- Aim of the exercise
Copy exactly the lines of the data below, beginning with the line with "this 1303×977 image." and ending with the line with "this 1288×966 image.". Pictures are to be omitted.

[Dataset excerpts]
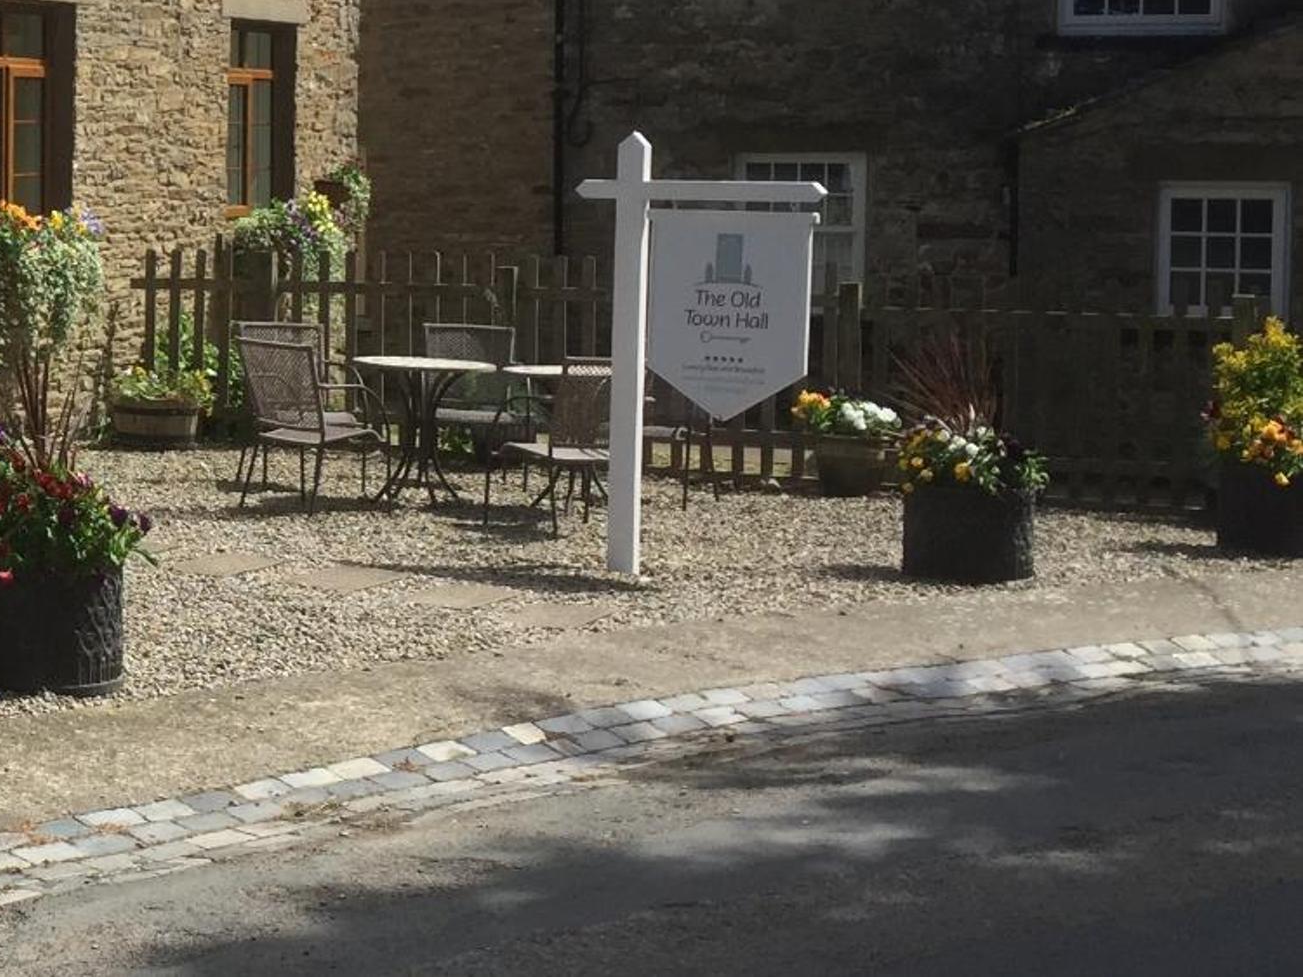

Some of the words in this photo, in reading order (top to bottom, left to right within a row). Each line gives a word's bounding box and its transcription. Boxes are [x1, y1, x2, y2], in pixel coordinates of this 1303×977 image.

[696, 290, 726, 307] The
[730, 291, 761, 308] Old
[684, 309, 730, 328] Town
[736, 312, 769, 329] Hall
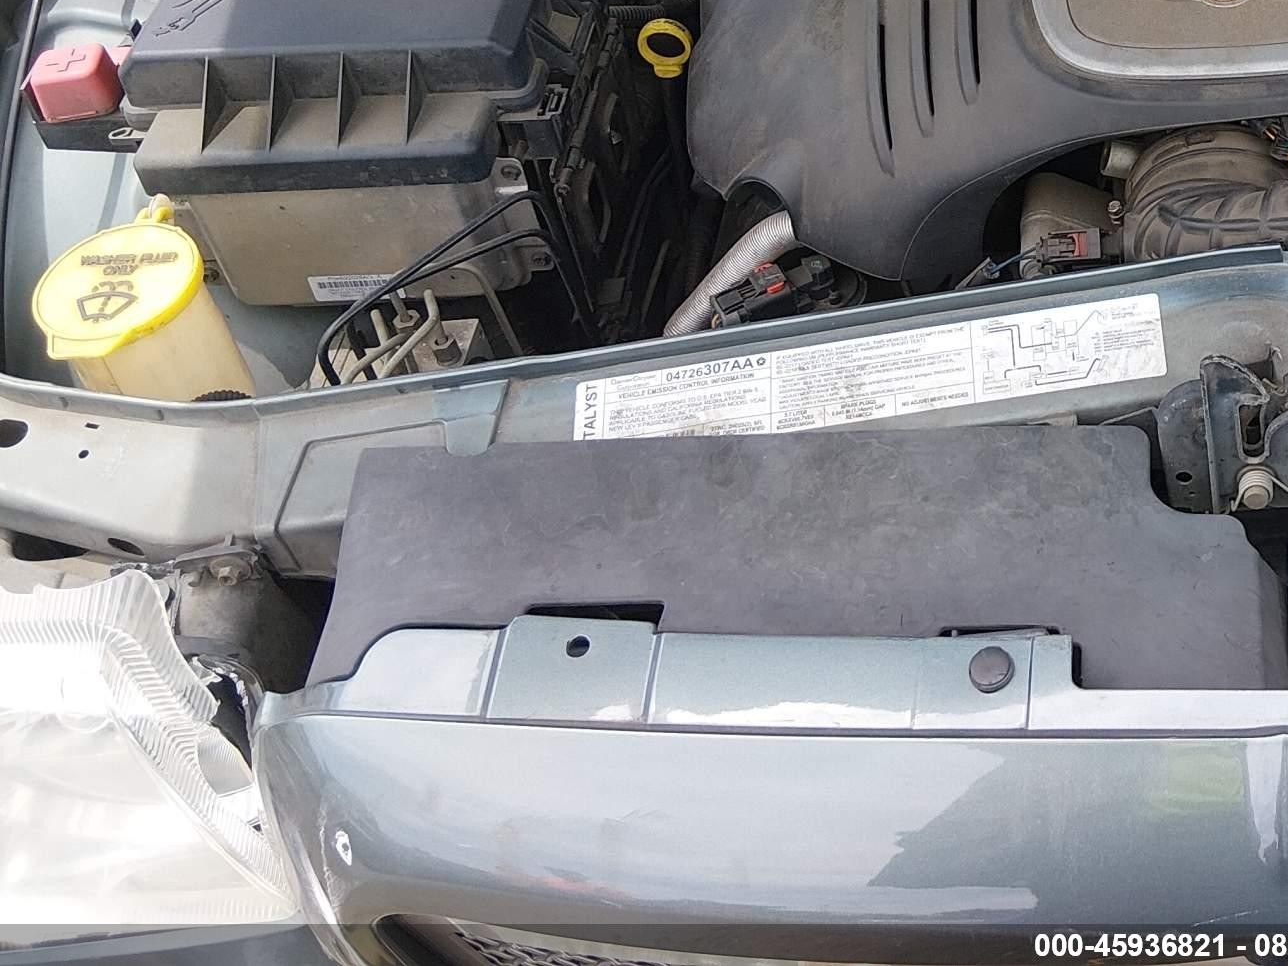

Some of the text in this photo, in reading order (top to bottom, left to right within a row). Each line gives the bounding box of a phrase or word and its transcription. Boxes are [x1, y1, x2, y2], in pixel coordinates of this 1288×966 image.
---
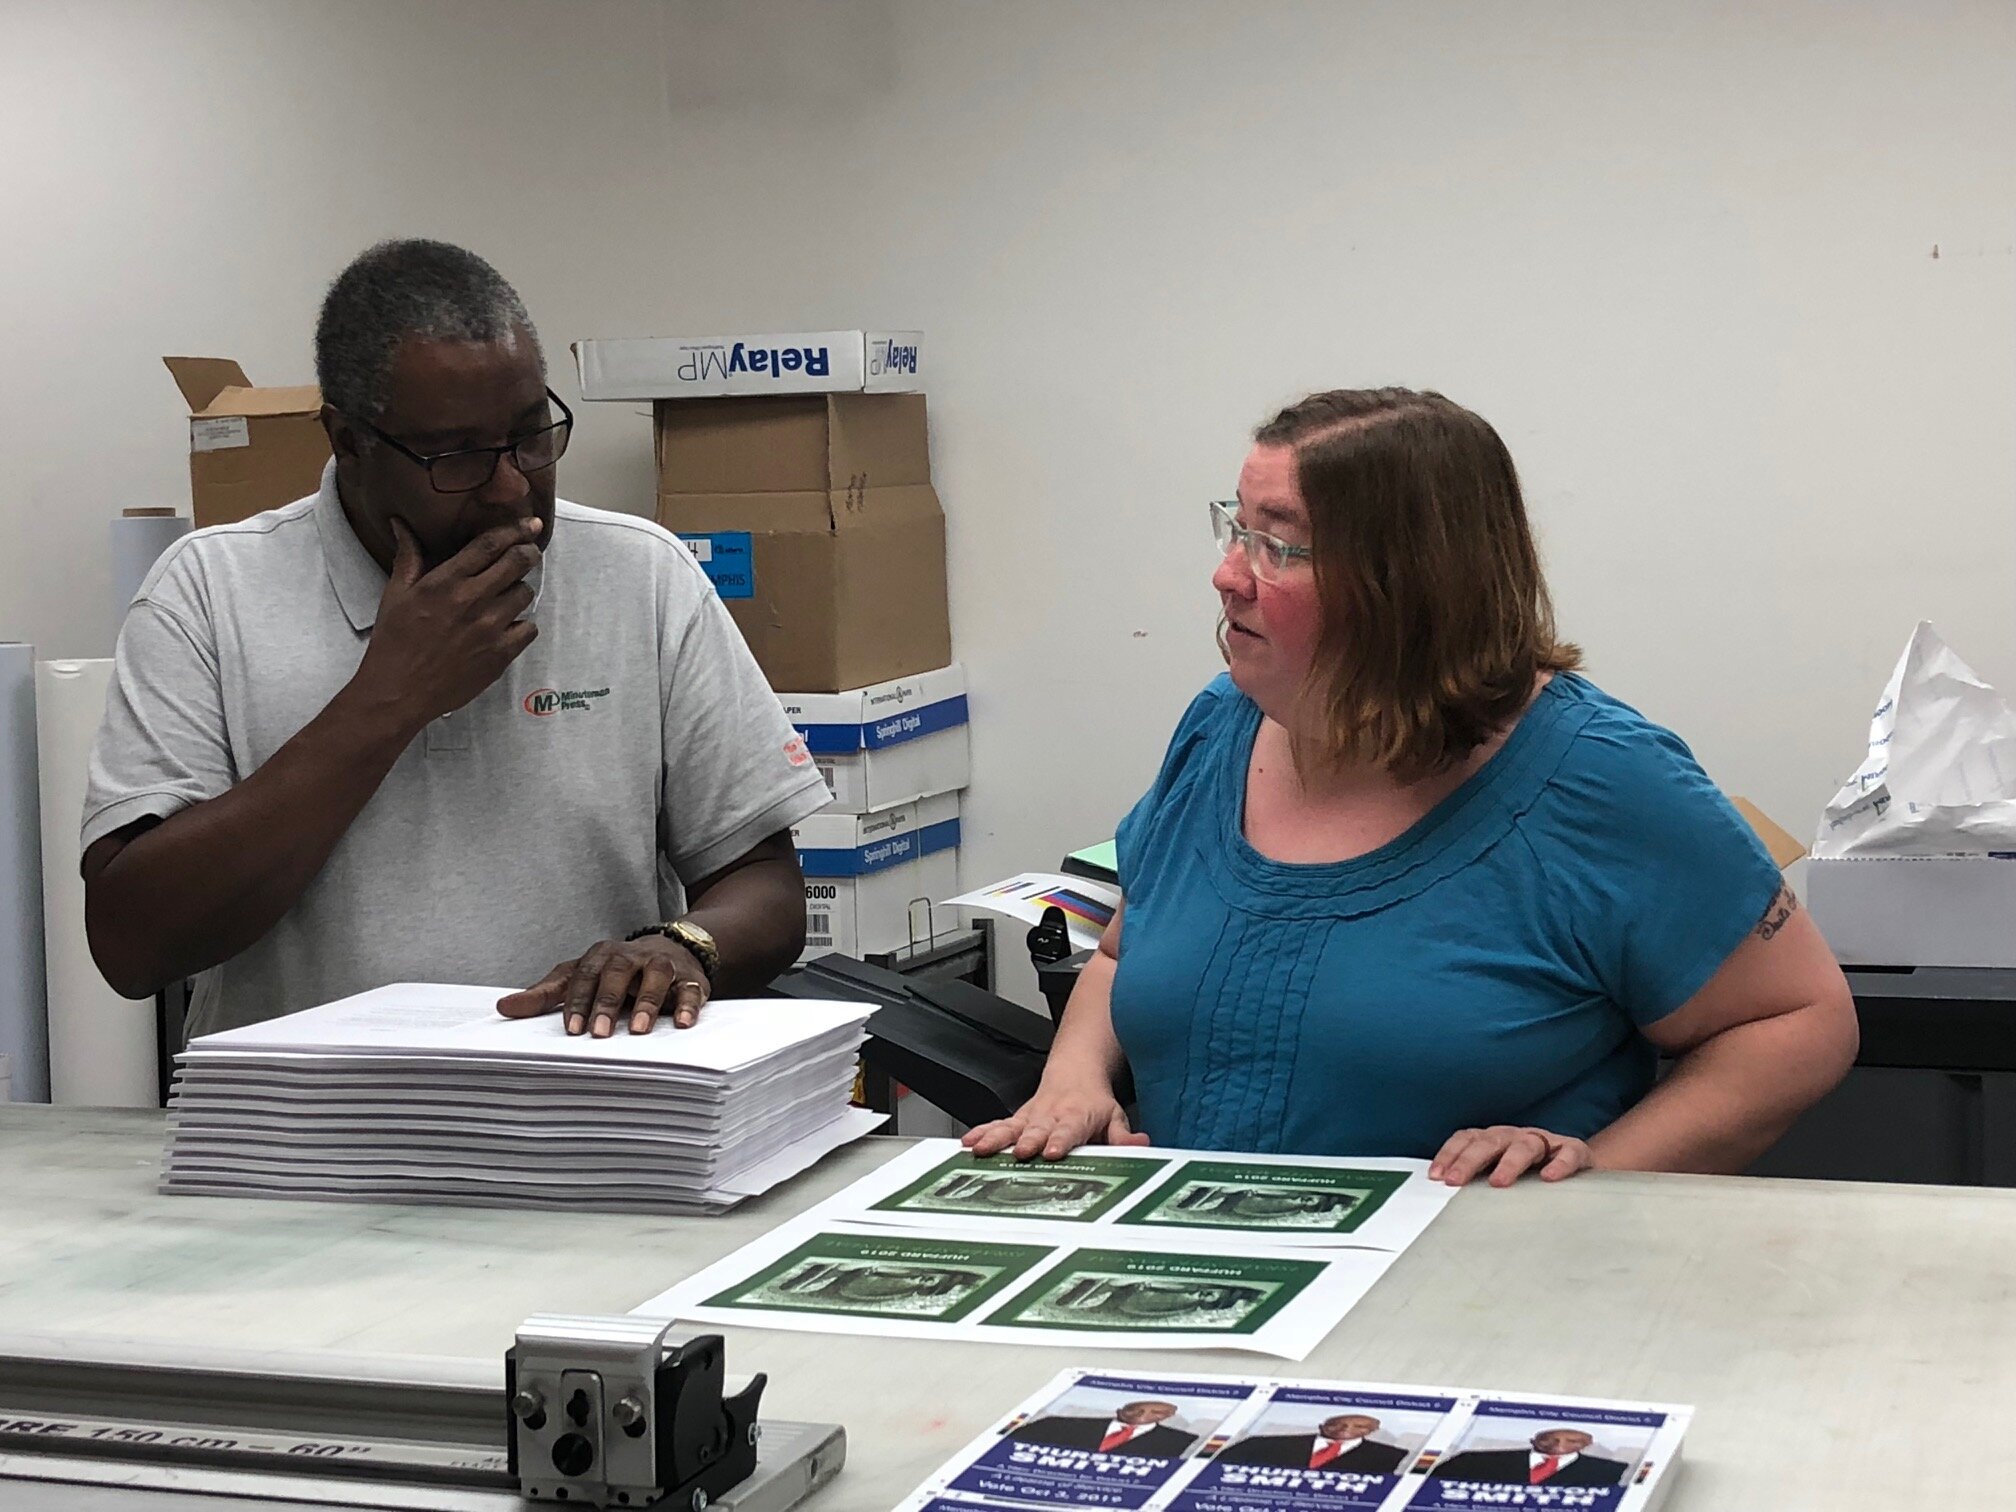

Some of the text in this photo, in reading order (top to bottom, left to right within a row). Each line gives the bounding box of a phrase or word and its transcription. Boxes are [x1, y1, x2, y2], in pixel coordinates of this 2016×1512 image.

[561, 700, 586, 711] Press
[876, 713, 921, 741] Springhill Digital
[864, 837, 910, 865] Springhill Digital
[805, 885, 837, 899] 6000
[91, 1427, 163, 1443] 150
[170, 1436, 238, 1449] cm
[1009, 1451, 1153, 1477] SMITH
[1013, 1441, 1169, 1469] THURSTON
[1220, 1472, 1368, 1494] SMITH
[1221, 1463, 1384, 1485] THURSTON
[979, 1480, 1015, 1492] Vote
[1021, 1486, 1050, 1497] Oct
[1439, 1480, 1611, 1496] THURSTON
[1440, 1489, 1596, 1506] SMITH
---
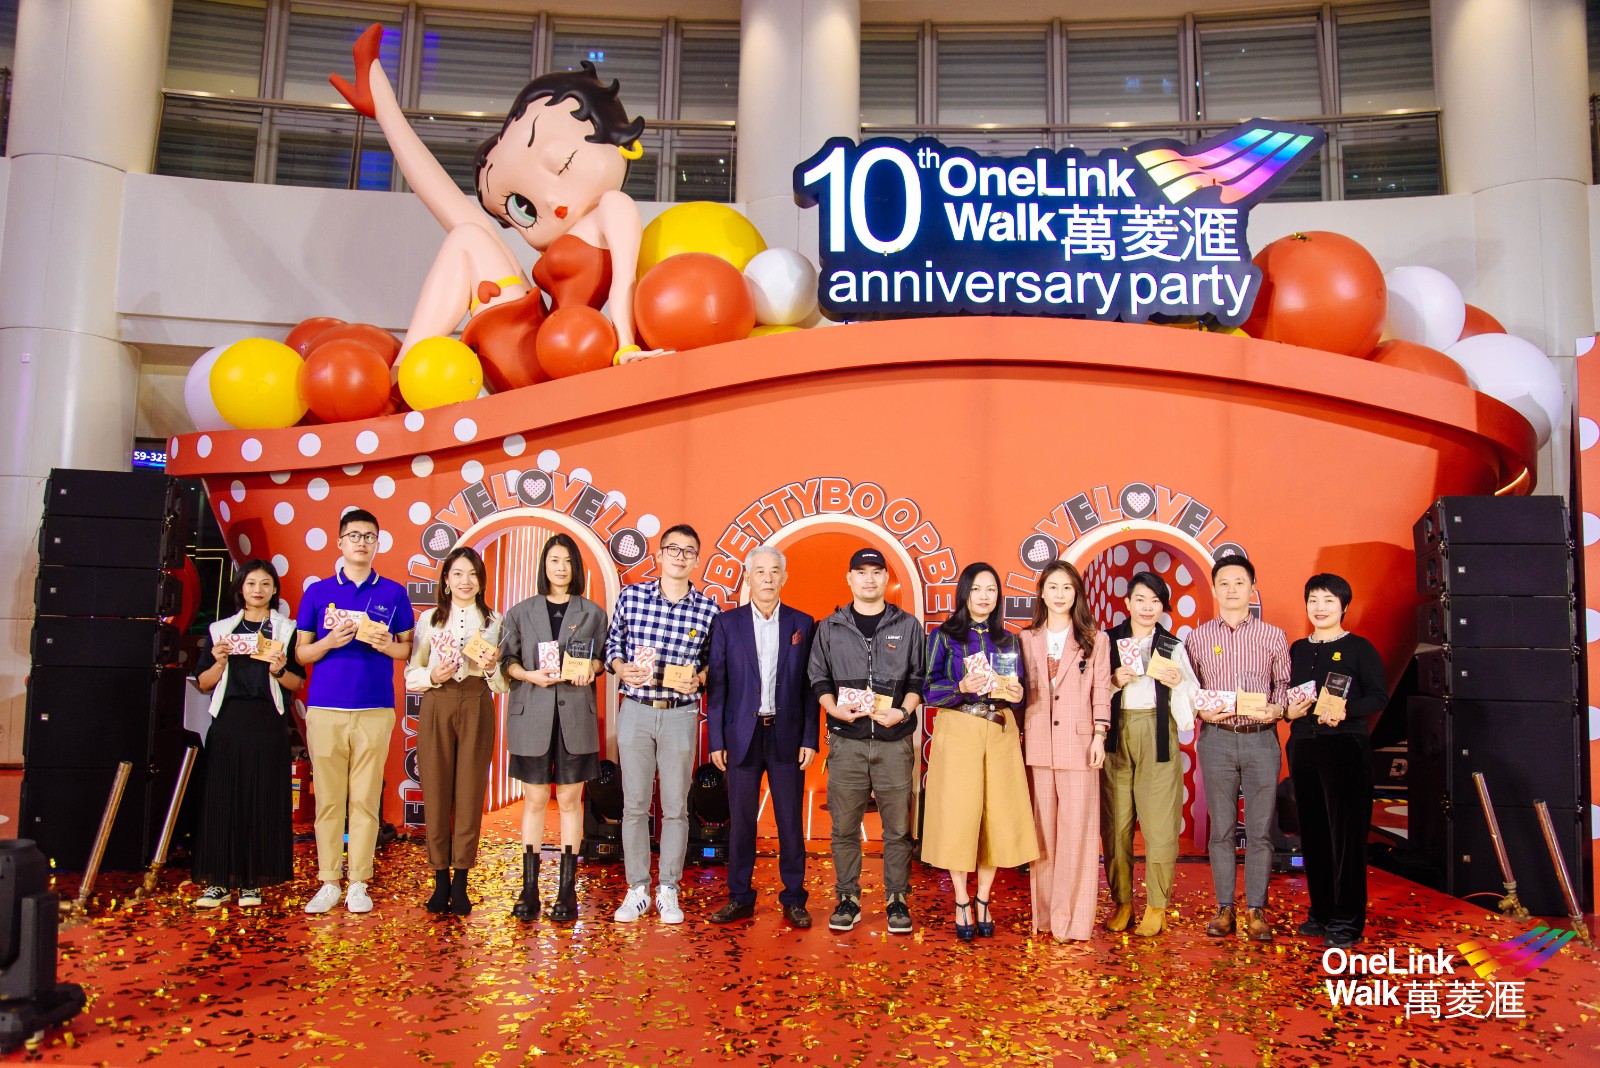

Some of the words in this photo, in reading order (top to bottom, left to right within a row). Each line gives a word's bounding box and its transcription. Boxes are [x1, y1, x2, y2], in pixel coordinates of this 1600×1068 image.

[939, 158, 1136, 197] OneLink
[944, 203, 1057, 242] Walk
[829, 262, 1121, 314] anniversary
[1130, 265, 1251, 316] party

- Answer section
Some of the words in this photo, in reading order (top to bottom, left to right within a row). Each line gives a word's bounding box and its transcription. Boxes are [x1, y1, x2, y2], in pixel coordinates of this 1303×977 image.

[696, 290, 726, 307] The
[730, 291, 761, 308] Old
[684, 309, 730, 328] Town
[736, 312, 769, 329] Hall

Some of the text in this photo, in reading order (top to bottom, left to right within a row). Each line gives the bounding box of a phrase or word and its transcription. Boxes are [x1, y1, x2, y2], in pixel coordinates of this 1288×966 image.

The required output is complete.